# Top Auger not working Englander



## Blaino (Dec 7, 2012)

I own a England Stove Works 25- PVDC.   The top auger just kind of stopped working.. So I did a bunch of research online and then started tearing into the stove.  First thing I did was
Step 1- deep clean the entire stove including the exhaust fan and flu. Tested... FAIL
Step 2- Took apart top auger to clean out any clogging in it. The bearings seemed fine. Put it back together tested: FAIL
Step 3- Checked on vacuum hoses, they seem fine so I unplugged the wire from the vacuum switch and bridged the wires together with an auto fuse to bypass the switch.
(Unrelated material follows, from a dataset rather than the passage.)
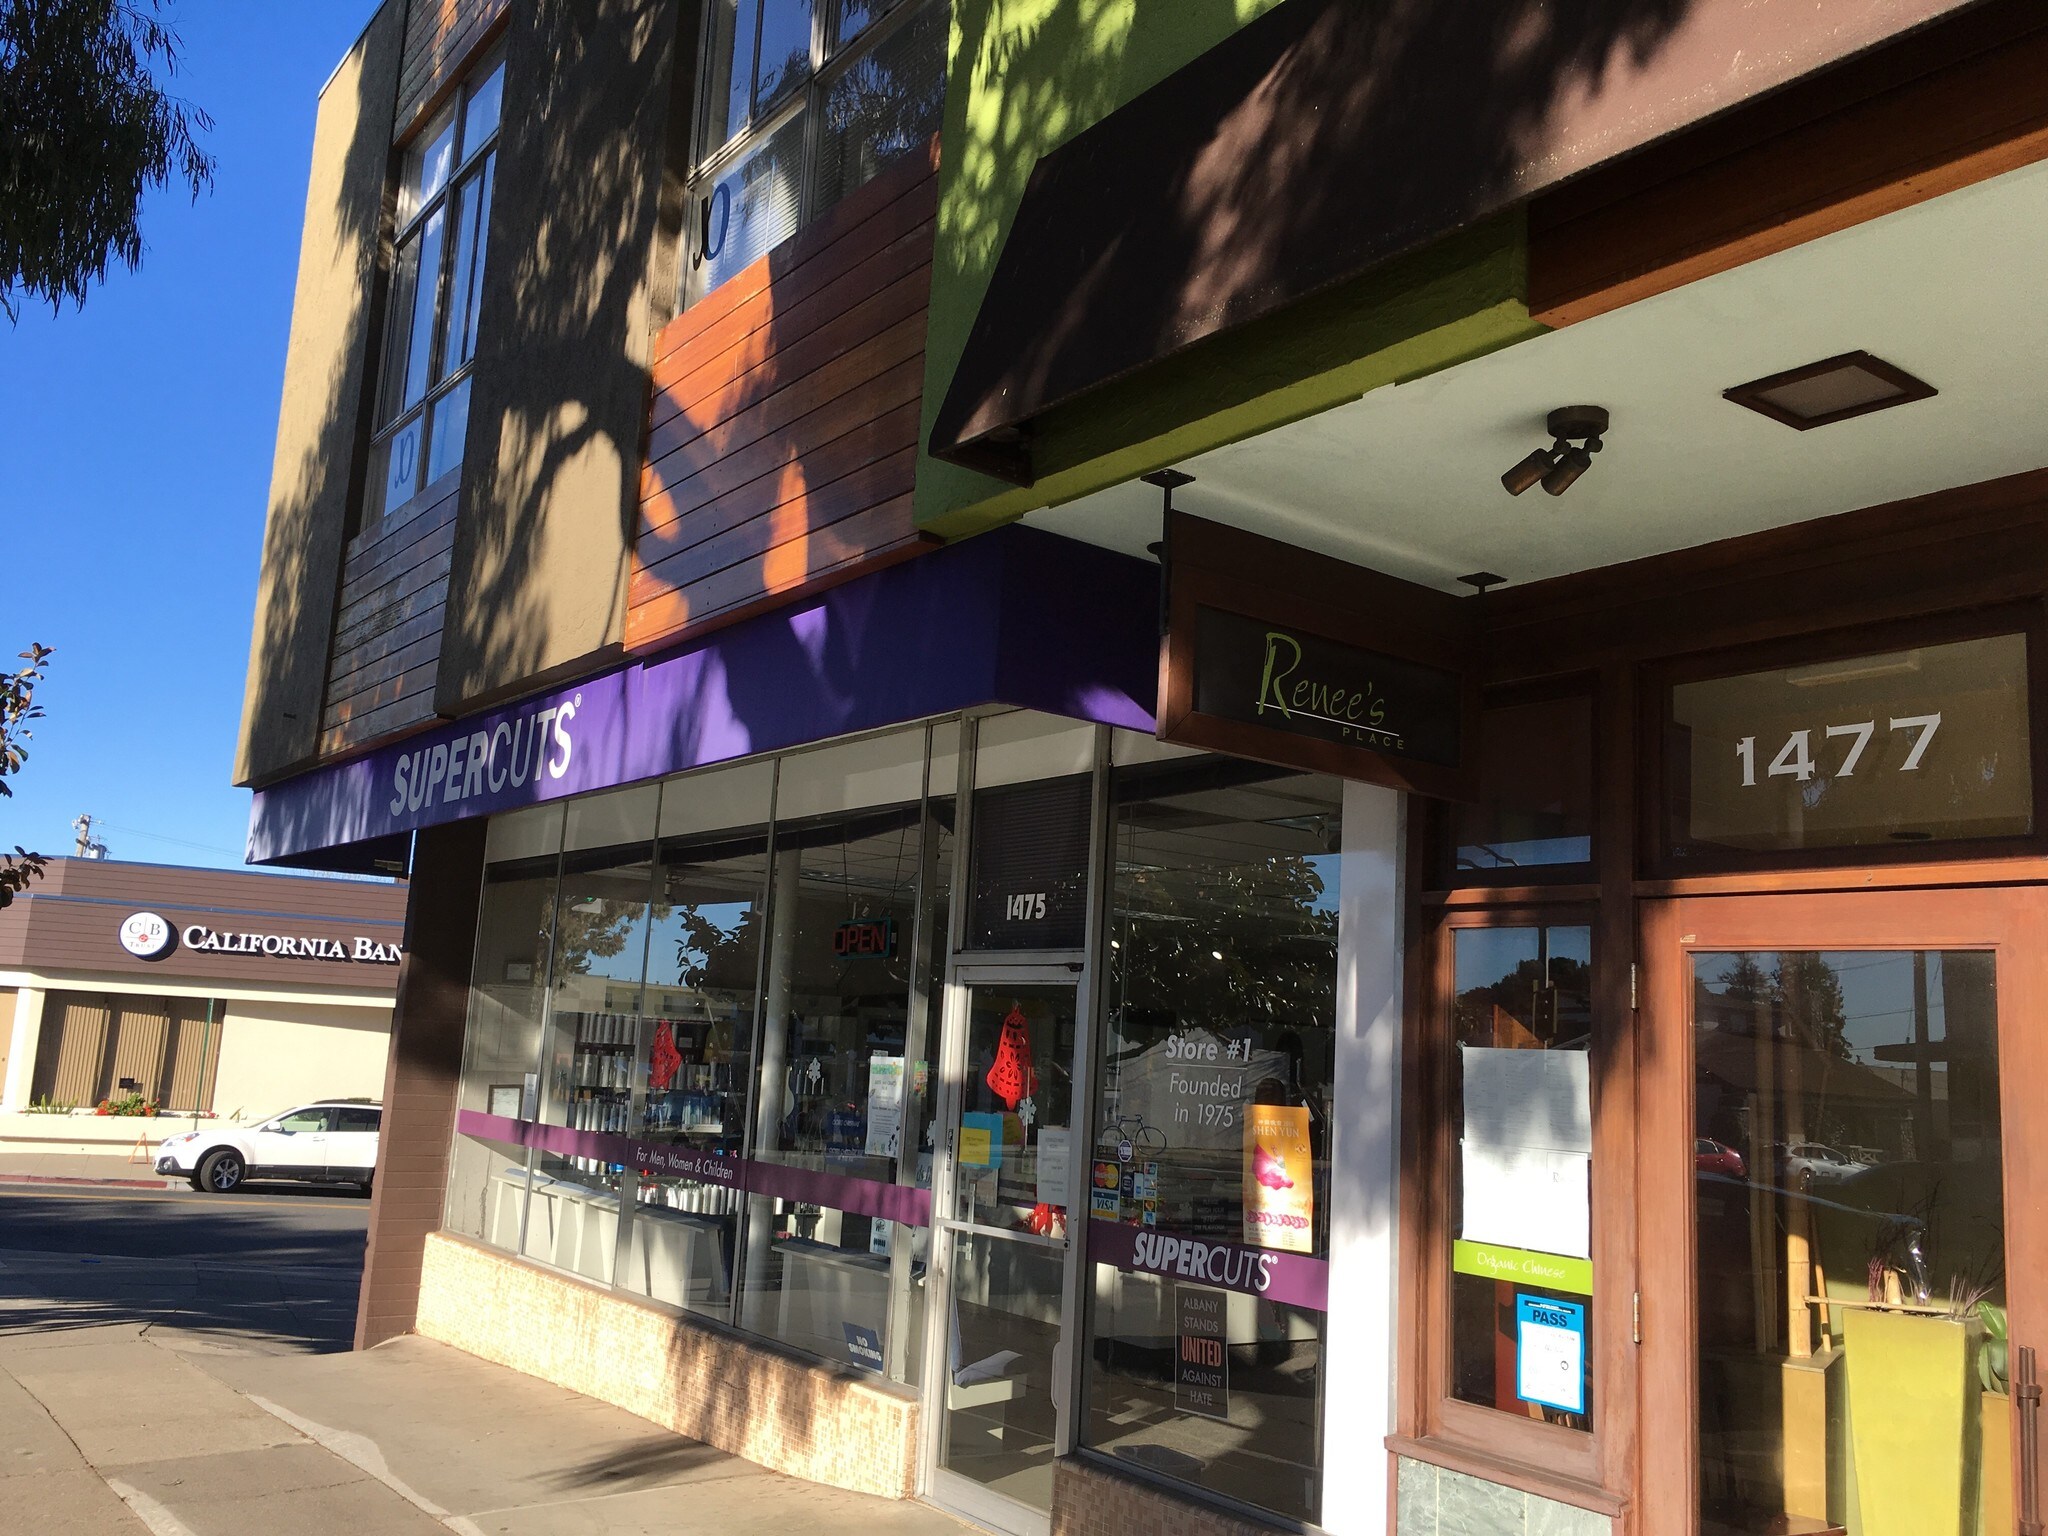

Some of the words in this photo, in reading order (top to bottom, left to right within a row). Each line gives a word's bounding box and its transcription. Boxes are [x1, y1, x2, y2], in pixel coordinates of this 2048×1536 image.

Tested: Motor still doesn't work.
Step 4- While vacuum switch is bypassed I took wires from top auger and plugged them into bottom auger, the bottom auger would turn....pause....tun....pause just like the top auger was suppose to.  Then I took the wires from the bottom auger and plugged them into the top auger.... it was able to turn constantly just like the bottom auger is suppose to.  That leads me to think that the switch board is fine and both motors work, and vacuum switches are working.....
 So yeah I'm stumped and looking for answers as to why my top auger wont turn.

 Blaine


----------



## SmokeyTheBear (Dec 7, 2012)

Top auger motor might be binding under load, when you were playing were there pellets in the system or was it empty?


----------



## CT Pellet (Dec 7, 2012)

SmokeyTheBear said:


> Top auger motor might be binding under load, when you were playing were there pellets in the system or was it empty?


 
+1
I have seen this on several 25's. Quite often, the customer will question why the top auger motor (which turns intermittently) will burn out before the bottom one which will turn constantly. The constant start and stop can be as tolling on the motor as constant turning. It may turn freely but when its pushing a spool of pellets the resistance may be enough in its old age to stall it. if this is the case, put the weak motor on the bottom (much less resistance) and the good one up top. This will get you through til the new motor comes in. How old is this motor?


----------



## Blaino (Dec 7, 2012)

Thanks for the info CT Pellet, that's actually what I ended up doing directly after posting my original question.  The stove has been running now for a good 30 min with no problem.  As for age of the motors I have no idea. Just bought the house 2 months ago and this is the only source of heat.  I probably will not buy a new motor for the current stove.  Hopefully this stove will last me through winter, or until I get a new WOOD stove.  I am a forester and out in the woods 3-5 days a week so bringin home a small load of Black Oak is what I normally do once a week.. Already have about 2-3 cords of wood outside seasoned and ready to go but alas I have a small pellet stove to heat my 1500 sq ft house with 12' ceilings... I CANT WAIT TO BURN WOOD!


----------



## MCPO (Dec 8, 2012)

Blaino said:


> Thanks for the info CT Pellet, that's actually what I ended up doing directly after posting my original question. The stove has been running now for a good 30 min with no problem. As for age of the motors I have no idea. Just bought the house 2 months ago and this is the only source of heat. I probably will not buy a new motor for the current stove. Hopefully this stove will last me through winter, or until I get a new WOOD stove. I am a forester and out in the woods 3-5 days a week so bringin home a small load of Black Oak is what I normally do once a week.. Already have about 2-3 cords of wood outside seasoned and ready to go but alas I have a small pellet stove to heat my 1500 sq ft house with 12' ceilings... I CANT WAIT TO BURN WOOD!


 
I think most of us here understand.  For some folks wood really IS the best thing but not for those of us who lack the time, or can`t manage the work anymore, can`t live with the the dirty mess, bugs and critters,not to mention the increased dangers of a wood stove, creosote and chimney fires, having to refuel it 3+ times a day. Then you have to deal with the uneven heat output levels.
I burned wood for many years and I can`t say I miss it.


----------



## bill3rail (Dec 8, 2012)

Order a new motor before you need it!
One will burn out on the coldest night of the year and you stated that it is your only source of heat!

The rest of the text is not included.